WORK REQUIRED: Give all of the records again. Match them exactly.
★ ★ ★ ★ ★
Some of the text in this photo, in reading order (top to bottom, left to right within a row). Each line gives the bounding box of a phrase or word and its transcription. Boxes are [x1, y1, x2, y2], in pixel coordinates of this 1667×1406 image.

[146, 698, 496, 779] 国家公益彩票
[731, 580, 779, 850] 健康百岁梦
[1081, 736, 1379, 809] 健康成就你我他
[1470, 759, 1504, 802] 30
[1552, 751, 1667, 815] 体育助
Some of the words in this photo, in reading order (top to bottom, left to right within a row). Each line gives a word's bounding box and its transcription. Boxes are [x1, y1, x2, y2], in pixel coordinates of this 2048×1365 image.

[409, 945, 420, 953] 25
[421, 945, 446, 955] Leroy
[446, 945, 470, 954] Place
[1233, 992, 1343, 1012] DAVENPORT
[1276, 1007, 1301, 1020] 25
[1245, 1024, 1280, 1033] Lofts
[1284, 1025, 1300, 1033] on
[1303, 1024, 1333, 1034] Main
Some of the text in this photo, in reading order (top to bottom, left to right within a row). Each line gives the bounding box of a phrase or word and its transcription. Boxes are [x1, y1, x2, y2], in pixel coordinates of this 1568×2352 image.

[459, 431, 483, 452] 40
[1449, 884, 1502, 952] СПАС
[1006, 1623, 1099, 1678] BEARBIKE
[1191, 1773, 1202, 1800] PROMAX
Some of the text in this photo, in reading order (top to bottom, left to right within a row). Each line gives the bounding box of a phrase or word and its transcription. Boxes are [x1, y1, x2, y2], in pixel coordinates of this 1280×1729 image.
★ ★ ★ ★ ★
ANSWER BOX:
Some of the text in this photo, in reading order (top to bottom, left to right within a row). Each line gives the bounding box of a phrase or word and its transcription. Boxes are [x1, y1, x2, y2], in pixel coordinates of this 1667×1406 image.

[146, 698, 496, 779] 国家公益彩票
[731, 580, 779, 850] 健康百岁梦
[1081, 736, 1379, 809] 健康成就你我他
[1470, 759, 1504, 802] 30
[1552, 751, 1667, 815] 体育助
Some of the words in this photo, in reading order (top to bottom, left to right within a row). Each line gives a word's bounding box and its transcription. Boxes are [x1, y1, x2, y2], in pixel coordinates of this 2048×1365 image.

[409, 945, 420, 953] 25
[421, 945, 446, 955] Leroy
[446, 945, 470, 954] Place
[1233, 992, 1343, 1012] DAVENPORT
[1276, 1007, 1301, 1020] 25
[1245, 1024, 1280, 1033] Lofts
[1284, 1025, 1300, 1033] on
[1303, 1024, 1333, 1034] Main
Some of the text in this photo, in reading order (top to bottom, left to right within a row). Each line gives the bounding box of a phrase or word and its transcription. Boxes are [x1, y1, x2, y2], in pixel coordinates of this 1568×2352 image.

[459, 431, 483, 452] 40
[1449, 884, 1502, 952] СПАС
[1006, 1623, 1099, 1678] BEARBIKE
[1191, 1773, 1202, 1800] PROMAX
Some of the text in this photo, in reading order (top to bottom, left to right within a row). Each line gives the bounding box of a phrase or word and its transcription. Boxes are [x1, y1, x2, y2], in pixel coordinates of this 1280×1729 image.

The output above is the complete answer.